Well, as much as I like to make fun of girls who are so type A that they never have a hair out of place and their roots are always pristine, I want to be a little more type A as far as organization goes. I want to get over my fear of no longer being fun if things are perfectly organized. I’m starting to believe that if things are in better order, maybe I can find more time to be even more fun. I’m actually amazingly fun, so being more fun is going to be hard work.
With organization comes better control of finances. So, like everyone else in the world, I want to make more money.
I want to do more good in the world. I want to help people. My job allows me to do that every day and I’m so grateful for it, but what if I could do even more? What if I can help other people get on their paths so they can be happier people? How can I find ways to volunteer in a way that is meaningful to me and the things I believe in? Specifically, I’d like to help other women learn how to get out of bad situations.

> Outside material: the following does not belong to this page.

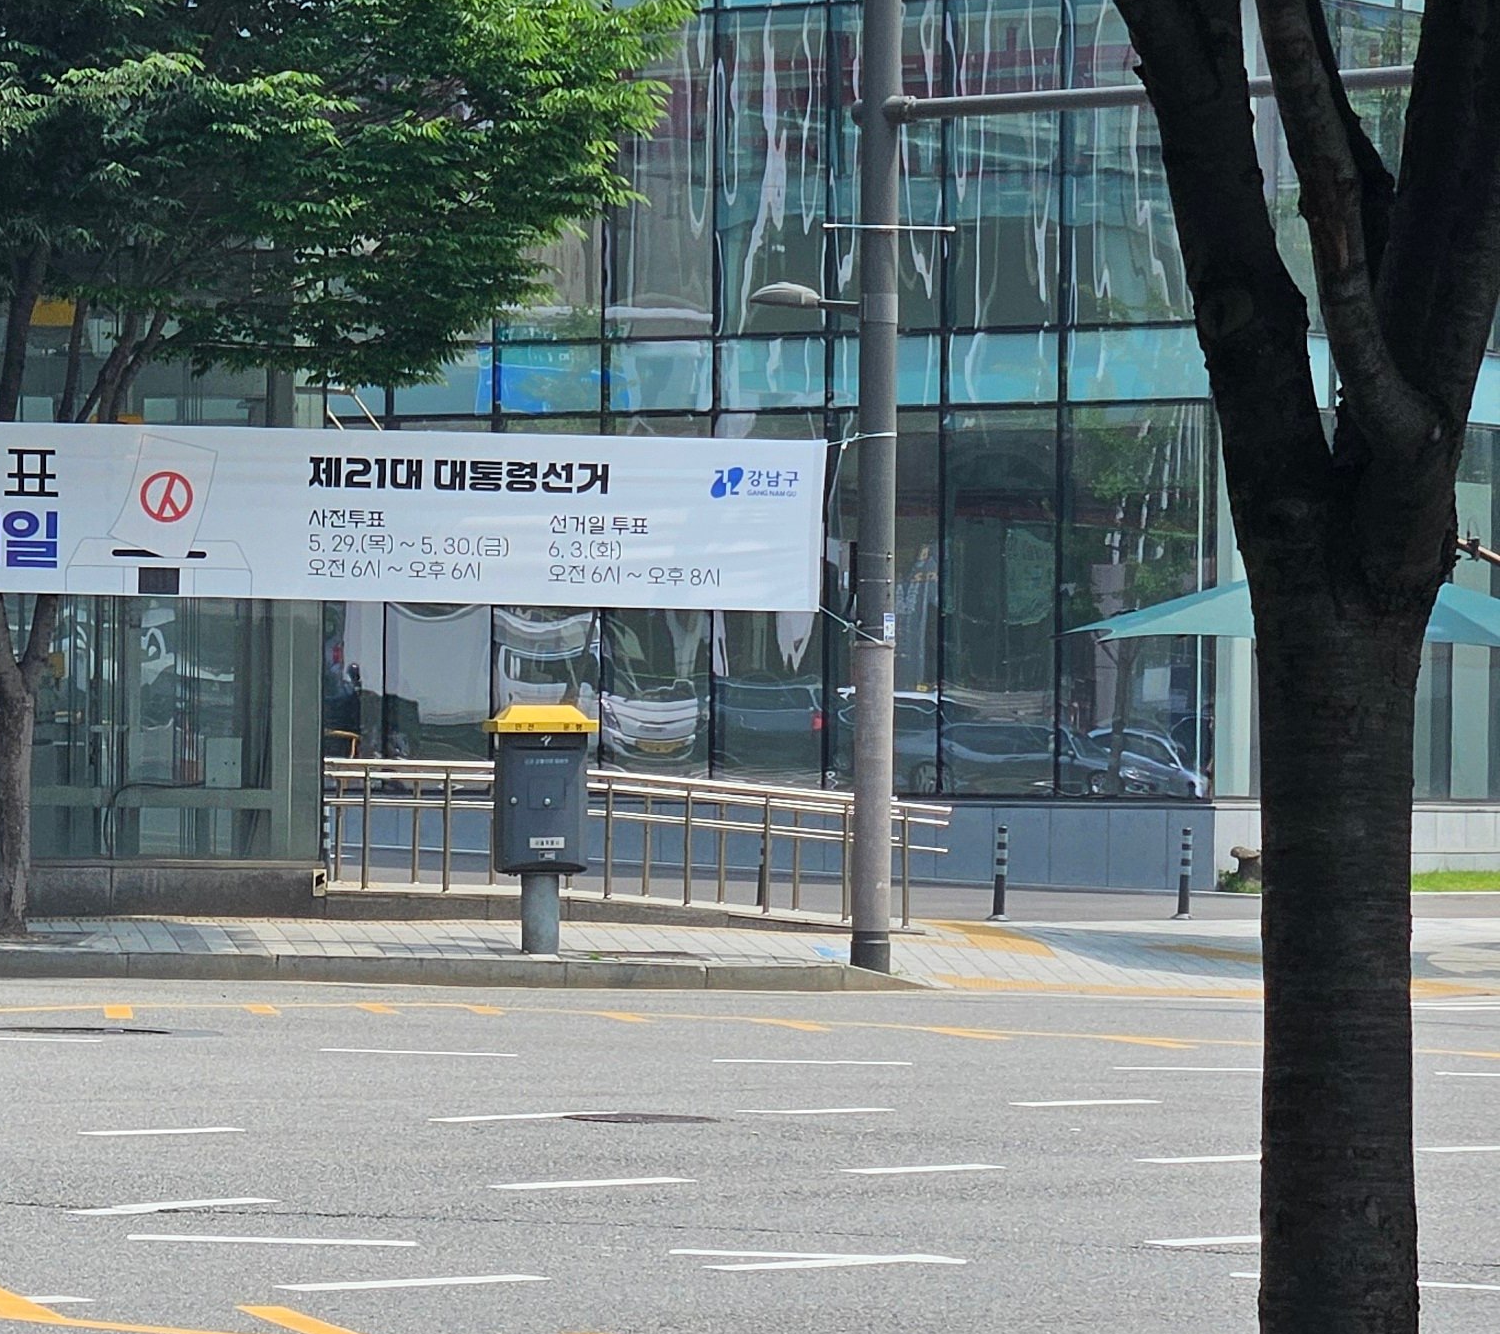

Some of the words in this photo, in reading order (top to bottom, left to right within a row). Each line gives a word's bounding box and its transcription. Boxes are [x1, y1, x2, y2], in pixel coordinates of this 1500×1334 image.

I want to cook more and be around the people I love. I want to be a better friend and I want to be better about keeping in touch with the people I love who I don’t see as often. I want to, most importantly, be a better mom and spend more time with my kids.
I want to show more gratitude. There’s so much to be grateful for, my parents, my kids, my work, my friends, my home, the health of the people closest to me, and so much more… I’m going to continue to learn how to be happy in the moment I’m in and love myself.
I hope I’m held accountable to these goals. I know I can accomplish these things.
This year, I hope everyone learns how to be happy in their moment and love themselves. I wish you happiness, health, and better lives than last year. Thanks for all your support.